A seresta em minha casa

Entre tantas serestas que vivi ao lado de Fernando Nascimento, há uma que guardo com carinho especial.

Certa noite, em minha casa em Miracema, reuniram-se três velhos seresteiros da terrinha: Esrte quevos escreve, Fernando Nascimento, José Felicíssimo e o diretor do colégio de Pirapetinga, Sr. João Oliveiras — todos professores, todos apaixonados pela música.

Eu havia sido aluno interno daquele colégio, graças à generosidade de João Oliveira, amigo de infância de meu pai. Minha família não tinha condições de pagar um colégio particular, e ele abriu para mim as portas do estudo.

Naquela noite não havia formalidade. Apenas violão, música e amizade.

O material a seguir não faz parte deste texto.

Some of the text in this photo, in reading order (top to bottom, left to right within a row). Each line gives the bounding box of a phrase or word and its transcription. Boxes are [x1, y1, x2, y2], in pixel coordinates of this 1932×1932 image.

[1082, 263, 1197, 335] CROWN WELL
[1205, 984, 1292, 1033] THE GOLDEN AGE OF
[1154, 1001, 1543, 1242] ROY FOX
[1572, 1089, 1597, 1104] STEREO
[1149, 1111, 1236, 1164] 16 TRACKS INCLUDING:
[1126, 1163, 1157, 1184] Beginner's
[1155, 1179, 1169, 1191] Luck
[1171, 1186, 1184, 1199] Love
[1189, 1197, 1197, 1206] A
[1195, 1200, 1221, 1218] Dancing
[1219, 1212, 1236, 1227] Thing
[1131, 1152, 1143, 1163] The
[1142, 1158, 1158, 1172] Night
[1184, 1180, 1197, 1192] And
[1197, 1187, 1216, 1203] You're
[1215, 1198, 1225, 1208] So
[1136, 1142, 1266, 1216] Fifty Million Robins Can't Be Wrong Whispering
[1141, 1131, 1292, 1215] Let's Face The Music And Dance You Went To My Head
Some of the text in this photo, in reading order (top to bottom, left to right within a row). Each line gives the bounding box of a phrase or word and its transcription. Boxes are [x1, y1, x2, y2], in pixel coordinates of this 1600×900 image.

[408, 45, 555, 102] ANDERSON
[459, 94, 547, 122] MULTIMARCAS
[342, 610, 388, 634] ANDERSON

Entre uma canção e outra, dois litros de uísque ajudavam a soltar as lembranças, as histórias e as gargalhadas.

E ali estavam eles — três homens simples, professores, seresteiros, amigos — cantando pela madrugada de Miracema como se o tempo não tivesse pressa.

Quando hoje penso em Fernando, muitas imagens me vêm à memória. Mas poucas são tão bonitas quanto aquela: o violão passando de mão em mão, as vozes se encontrando na canção e a amizade enchendo a noite.